Shopify International Tax Compliance: IOSS, UK VAT and GST

You've registered for IOSS, entered your number in Shopify's tax settings, and confirmed VAT is being collected at checkout. Then a customer emails to say their EU parcel arrived with an unexpected customs bill. You registered correctly, but you never made your IOSS number visible anywhere a customs officer or a customer could actually see it.
Registering for international tax schemes is step one. Ensuring those registration numbers appear on your product pages, and that your product descriptions include the region-specific compliance statements your destination markets require, is step two. Most merchants only complete step one.
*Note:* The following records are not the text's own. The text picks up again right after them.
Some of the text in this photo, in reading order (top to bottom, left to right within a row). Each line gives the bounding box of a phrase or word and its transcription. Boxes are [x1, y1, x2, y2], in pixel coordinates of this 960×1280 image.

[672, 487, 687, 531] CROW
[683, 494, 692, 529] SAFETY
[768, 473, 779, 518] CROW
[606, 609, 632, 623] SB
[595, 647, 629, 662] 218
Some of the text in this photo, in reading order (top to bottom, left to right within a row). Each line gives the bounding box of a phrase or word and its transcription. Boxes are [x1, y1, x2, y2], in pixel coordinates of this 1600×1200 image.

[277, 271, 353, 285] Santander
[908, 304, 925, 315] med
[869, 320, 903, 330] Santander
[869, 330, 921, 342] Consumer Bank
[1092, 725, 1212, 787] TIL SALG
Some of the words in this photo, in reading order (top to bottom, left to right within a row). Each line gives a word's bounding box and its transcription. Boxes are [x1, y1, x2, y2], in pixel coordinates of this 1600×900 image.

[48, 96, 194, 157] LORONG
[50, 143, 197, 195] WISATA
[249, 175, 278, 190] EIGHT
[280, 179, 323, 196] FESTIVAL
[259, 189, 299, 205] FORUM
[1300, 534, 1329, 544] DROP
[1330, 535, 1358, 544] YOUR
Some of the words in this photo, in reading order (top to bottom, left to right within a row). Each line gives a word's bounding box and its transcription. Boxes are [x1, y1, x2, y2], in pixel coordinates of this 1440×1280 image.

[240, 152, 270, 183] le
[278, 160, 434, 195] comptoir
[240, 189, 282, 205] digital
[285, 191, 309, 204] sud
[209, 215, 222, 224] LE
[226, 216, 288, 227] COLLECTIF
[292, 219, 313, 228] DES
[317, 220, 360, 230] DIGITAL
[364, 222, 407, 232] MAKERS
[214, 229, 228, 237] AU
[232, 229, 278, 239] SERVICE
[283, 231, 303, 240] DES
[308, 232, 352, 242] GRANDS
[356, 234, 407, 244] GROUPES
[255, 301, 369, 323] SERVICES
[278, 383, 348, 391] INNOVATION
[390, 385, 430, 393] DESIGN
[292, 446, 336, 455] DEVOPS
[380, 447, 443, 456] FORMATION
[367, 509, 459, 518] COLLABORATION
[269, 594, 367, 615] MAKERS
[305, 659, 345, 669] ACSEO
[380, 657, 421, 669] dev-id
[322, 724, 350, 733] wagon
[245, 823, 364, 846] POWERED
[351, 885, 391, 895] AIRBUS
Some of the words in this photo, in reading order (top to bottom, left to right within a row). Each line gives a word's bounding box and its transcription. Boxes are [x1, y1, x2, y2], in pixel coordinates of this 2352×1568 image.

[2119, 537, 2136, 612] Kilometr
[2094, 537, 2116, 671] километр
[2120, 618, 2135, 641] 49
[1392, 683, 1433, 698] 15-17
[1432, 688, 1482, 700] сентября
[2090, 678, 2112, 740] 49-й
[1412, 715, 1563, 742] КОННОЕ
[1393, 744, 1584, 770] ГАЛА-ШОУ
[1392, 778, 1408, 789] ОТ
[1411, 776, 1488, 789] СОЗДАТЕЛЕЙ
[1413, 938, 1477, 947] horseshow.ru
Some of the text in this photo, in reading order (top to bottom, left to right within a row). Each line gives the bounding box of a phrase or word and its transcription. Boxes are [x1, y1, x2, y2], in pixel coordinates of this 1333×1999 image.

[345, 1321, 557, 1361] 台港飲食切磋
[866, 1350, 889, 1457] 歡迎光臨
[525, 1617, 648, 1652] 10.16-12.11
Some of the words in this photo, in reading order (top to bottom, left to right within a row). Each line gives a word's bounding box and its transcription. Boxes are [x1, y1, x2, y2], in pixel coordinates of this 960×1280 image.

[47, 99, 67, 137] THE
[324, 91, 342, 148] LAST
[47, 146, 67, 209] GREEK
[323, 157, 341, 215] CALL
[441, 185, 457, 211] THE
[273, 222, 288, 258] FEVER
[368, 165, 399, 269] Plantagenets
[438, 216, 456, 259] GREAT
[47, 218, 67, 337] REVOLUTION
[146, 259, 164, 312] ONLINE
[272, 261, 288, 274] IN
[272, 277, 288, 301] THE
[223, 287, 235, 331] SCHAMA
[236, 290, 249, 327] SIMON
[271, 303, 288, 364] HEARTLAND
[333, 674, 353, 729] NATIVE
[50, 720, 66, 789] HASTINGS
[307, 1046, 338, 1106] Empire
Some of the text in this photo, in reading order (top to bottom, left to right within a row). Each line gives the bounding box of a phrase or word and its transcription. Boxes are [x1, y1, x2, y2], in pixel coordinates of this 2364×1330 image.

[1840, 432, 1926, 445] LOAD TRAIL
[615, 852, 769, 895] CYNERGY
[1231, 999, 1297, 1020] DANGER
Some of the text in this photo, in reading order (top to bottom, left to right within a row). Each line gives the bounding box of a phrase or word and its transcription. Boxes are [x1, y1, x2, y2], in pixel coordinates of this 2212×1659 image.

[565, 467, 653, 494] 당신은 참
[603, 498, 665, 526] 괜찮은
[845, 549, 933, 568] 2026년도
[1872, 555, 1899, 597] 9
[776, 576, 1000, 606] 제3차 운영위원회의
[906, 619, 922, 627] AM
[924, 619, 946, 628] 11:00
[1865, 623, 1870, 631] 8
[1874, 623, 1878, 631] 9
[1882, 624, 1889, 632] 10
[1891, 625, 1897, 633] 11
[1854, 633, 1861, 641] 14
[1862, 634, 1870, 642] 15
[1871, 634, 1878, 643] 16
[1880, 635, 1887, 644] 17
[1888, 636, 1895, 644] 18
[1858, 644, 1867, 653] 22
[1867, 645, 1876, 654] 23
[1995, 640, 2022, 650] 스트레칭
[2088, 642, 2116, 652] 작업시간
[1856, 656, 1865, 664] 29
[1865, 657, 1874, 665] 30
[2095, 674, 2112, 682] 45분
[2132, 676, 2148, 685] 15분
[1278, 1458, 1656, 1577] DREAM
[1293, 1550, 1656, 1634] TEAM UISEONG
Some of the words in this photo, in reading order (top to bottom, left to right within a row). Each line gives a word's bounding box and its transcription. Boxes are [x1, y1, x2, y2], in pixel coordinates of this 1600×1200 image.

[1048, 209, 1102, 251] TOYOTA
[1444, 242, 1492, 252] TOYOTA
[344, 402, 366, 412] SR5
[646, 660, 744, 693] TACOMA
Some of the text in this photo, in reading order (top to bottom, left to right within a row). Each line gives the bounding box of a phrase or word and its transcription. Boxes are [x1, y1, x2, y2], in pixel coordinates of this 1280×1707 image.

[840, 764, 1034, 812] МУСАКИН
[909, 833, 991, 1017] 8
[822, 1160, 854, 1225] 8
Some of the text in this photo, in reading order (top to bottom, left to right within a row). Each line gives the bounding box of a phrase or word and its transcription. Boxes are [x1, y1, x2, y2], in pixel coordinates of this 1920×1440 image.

This article covers what IOSS, UK VAT, VOEC, and GST compliance requires for Shopify merchants beyond the settings configuration, and how Importier's Tax and Compliance feature handles both registration number display and region-specific compliance warnings across your catalogue.
What International Tax Registration Actually Means for Shopify Merchants
When you sell across borders, several tax schemes may apply depending on your destination markets. Here is a plain-language summary of the four that affect most Shopify merchants.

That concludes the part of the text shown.